* RECORDS FOR THE TASK:
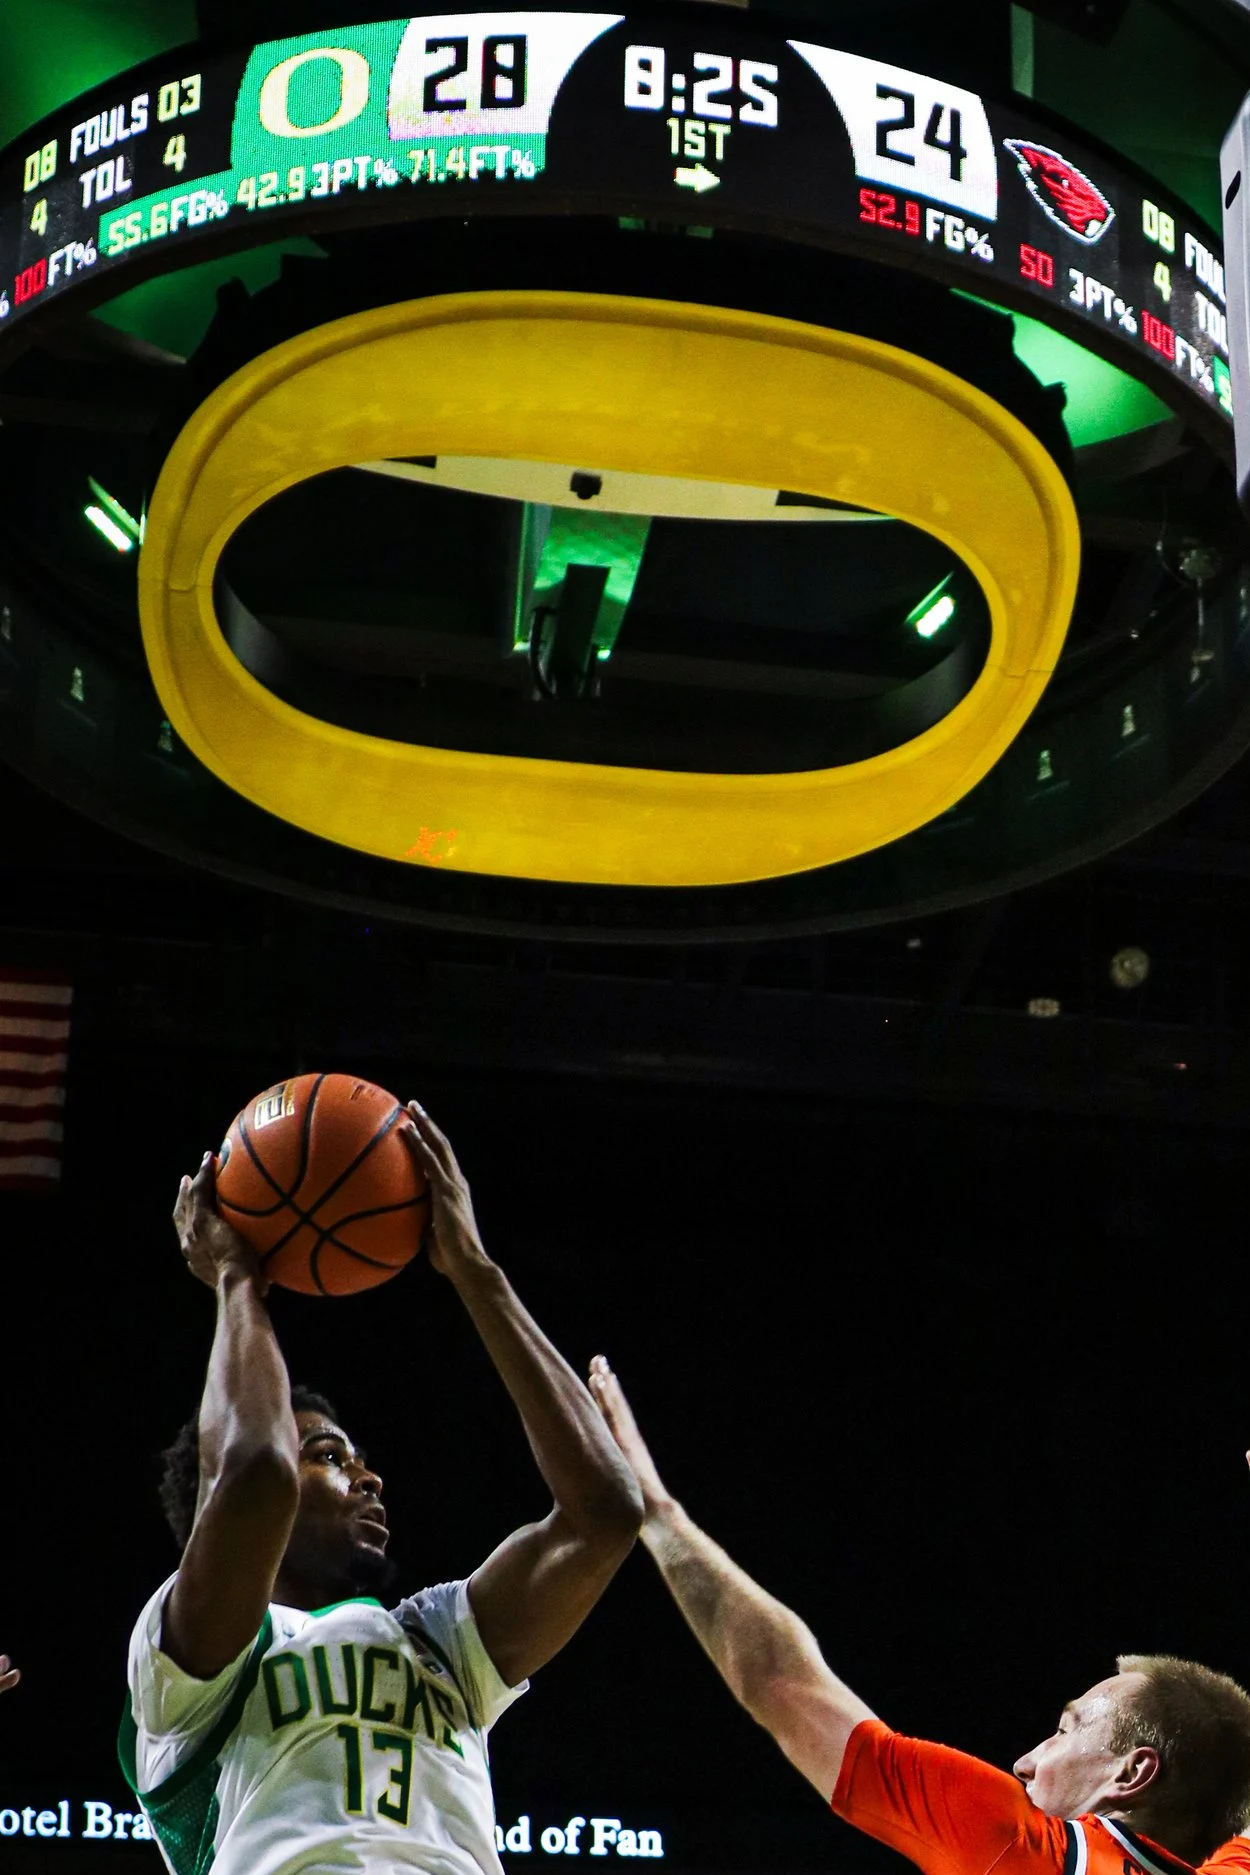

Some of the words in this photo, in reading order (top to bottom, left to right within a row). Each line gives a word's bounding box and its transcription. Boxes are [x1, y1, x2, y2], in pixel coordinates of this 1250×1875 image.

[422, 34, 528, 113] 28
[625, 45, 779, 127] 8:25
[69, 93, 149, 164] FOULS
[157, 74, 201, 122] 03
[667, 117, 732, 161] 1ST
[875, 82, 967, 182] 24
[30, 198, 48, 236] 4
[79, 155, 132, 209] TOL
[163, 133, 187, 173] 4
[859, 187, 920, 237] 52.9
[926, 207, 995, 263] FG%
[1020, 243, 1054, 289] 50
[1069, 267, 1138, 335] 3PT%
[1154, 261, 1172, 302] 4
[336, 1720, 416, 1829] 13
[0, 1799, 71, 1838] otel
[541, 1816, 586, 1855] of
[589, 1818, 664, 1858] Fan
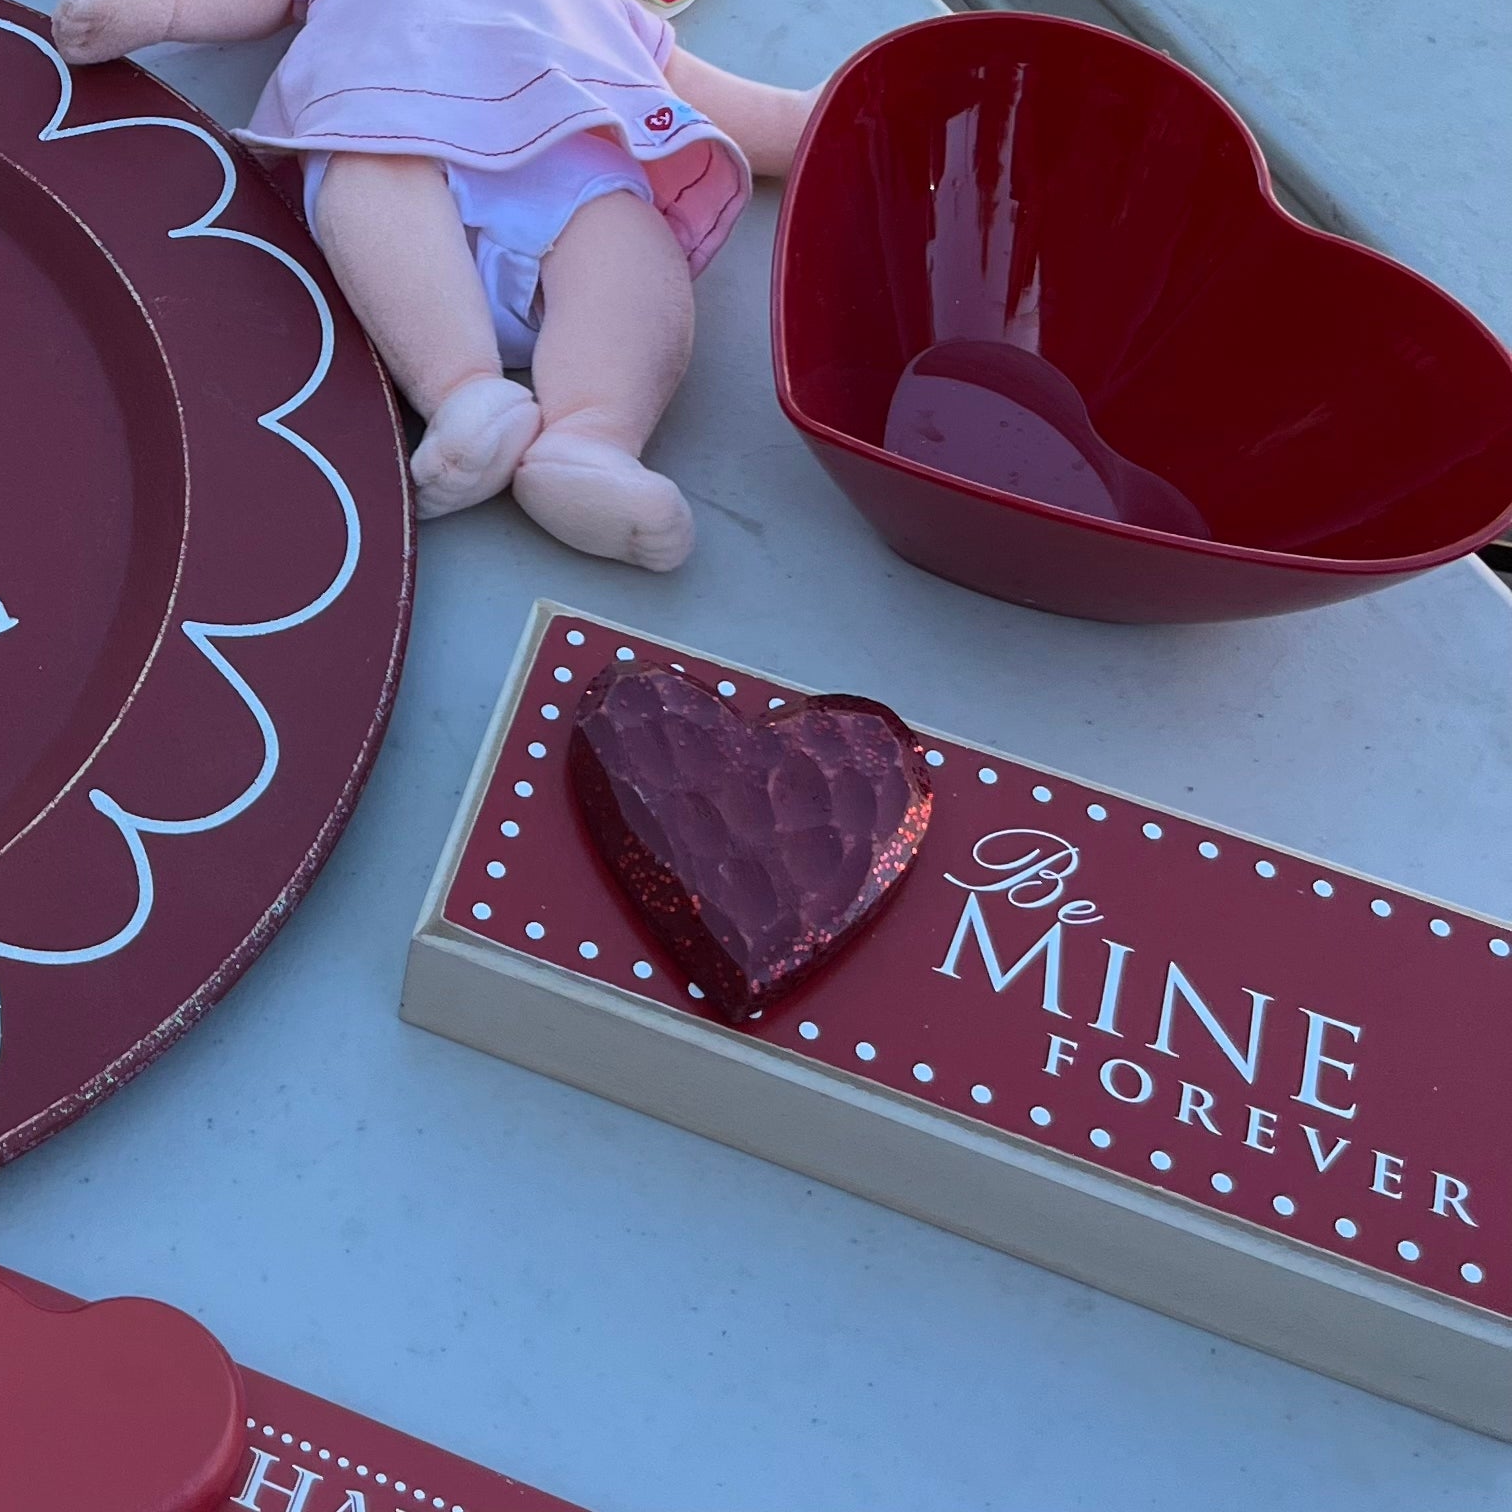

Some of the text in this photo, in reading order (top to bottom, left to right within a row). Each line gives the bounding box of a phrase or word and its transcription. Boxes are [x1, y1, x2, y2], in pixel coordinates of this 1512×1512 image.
* * *
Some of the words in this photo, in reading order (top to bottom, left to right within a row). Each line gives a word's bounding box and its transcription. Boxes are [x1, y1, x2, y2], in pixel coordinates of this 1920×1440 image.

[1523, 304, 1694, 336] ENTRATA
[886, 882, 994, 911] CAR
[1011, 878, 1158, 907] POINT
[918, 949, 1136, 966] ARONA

* EXERCISE REQUIREMENTS:
To complete this exercise, transcribe exactly the lines above from the one that holds "this 1250×1875 image." through the one that holds "Some of the text". Pictures stay out.

* PROBLEM SOLUTION:
Some of the words in this photo, in reading order (top to bottom, left to right within a row). Each line gives a word's bounding box and its transcription. Boxes are [x1, y1, x2, y2], in pixel coordinates of this 1250×1875 image.

[422, 34, 528, 113] 28
[625, 45, 779, 127] 8:25
[69, 93, 149, 164] FOULS
[157, 74, 201, 122] 03
[667, 117, 732, 161] 1ST
[875, 82, 967, 182] 24
[30, 198, 48, 236] 4
[79, 155, 132, 209] TOL
[163, 133, 187, 173] 4
[859, 187, 920, 237] 52.9
[926, 207, 995, 263] FG%
[1020, 243, 1054, 289] 50
[1069, 267, 1138, 335] 3PT%
[1154, 261, 1172, 302] 4
[336, 1720, 416, 1829] 13
[0, 1799, 71, 1838] otel
[541, 1816, 586, 1855] of
[589, 1818, 664, 1858] Fan

Some of the text in this photo, in reading order (top to bottom, left to right within a row). Each line gives the bounding box of a phrase or word and its transcription. Boxes are [x1, y1, x2, y2], in pixel coordinates of this 1512×1512 image.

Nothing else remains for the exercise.